Singapore Airlines says it is in talks to sell its 49 per cent stake in Virgin Atlantic after people familiar with the matter said Delta Air Lines was discussing buying shares.
The talks with "interested parties" might not result in a transaction, SIA said yesterday. Delta was discussing buying part or all of the stake, said the people who asked not to be named as the matter is private. Delta's partner Air-France KLM might also take a stake.
Richard Branson controls 51 per cent of Virgin.
SIA may exit the British carrier after 13 years as Virgin struggles with rising fuel prices and increased competition from British Airways at Heathrow Airport.
For Delta, the second-biggest airline in the United States, a deal would increase access to Europe's busiest airport and boost its ability to capture lucrative transatlantic business traffic.
"Virgin Atlantic has some interesting slots at Heathrow and slots are a very scarce commodity in the UK," said Arnaud Bouchet, a Singapore-based analyst at BNP Paribas. This might be "an interesting opportunity" for SIA to sell its stake.
Delta, Virgin and Air France-KLM declined to comment. The Delta talks were reported by the Sunday Times.
SIA paid £600.3 million for the Virgin stake in 1999.

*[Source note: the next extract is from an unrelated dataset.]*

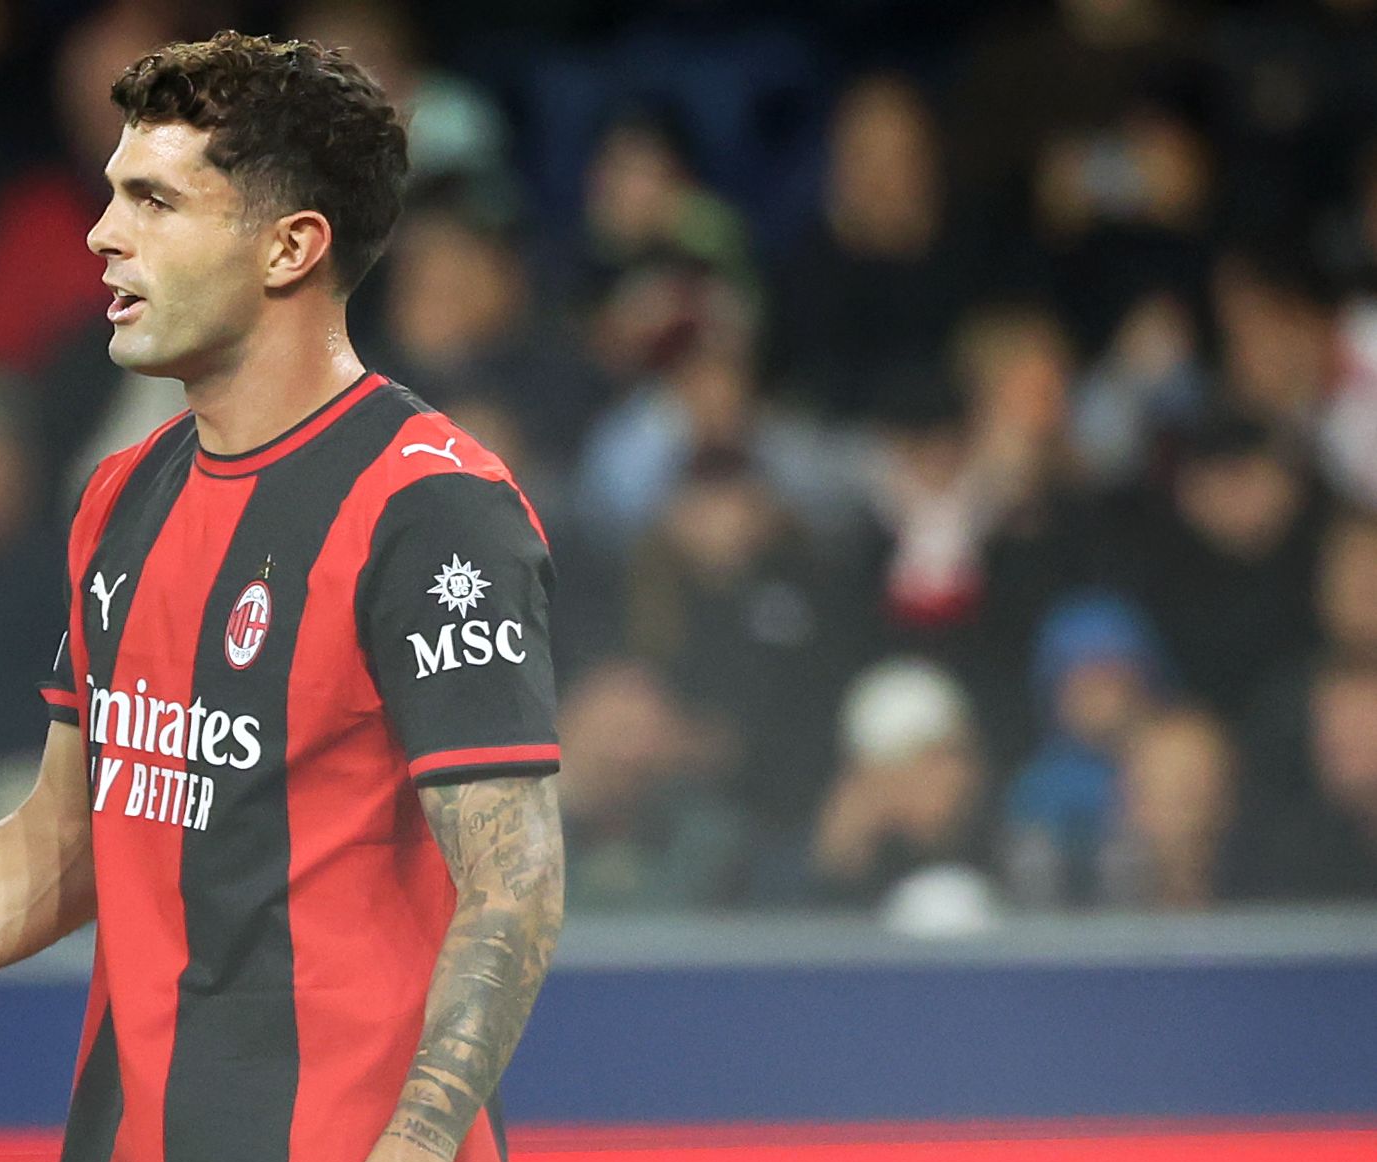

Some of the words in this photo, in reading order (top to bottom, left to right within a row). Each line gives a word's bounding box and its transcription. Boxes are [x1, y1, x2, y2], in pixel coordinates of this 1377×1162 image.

Virgin has been seeking partners and in 2010 hired Deutsche Bank to assess options. The carrier posted a pre-tax loss of £80.2 million (HK$996.6 million) for the year ended February.
The airline is adding short-haul routes to Heathrow from British cities including Manchester to feed services to Asia and the US. It is also seeking a replacement for chief executive Steve Ridgway, who retires early next year after 11 years in the post.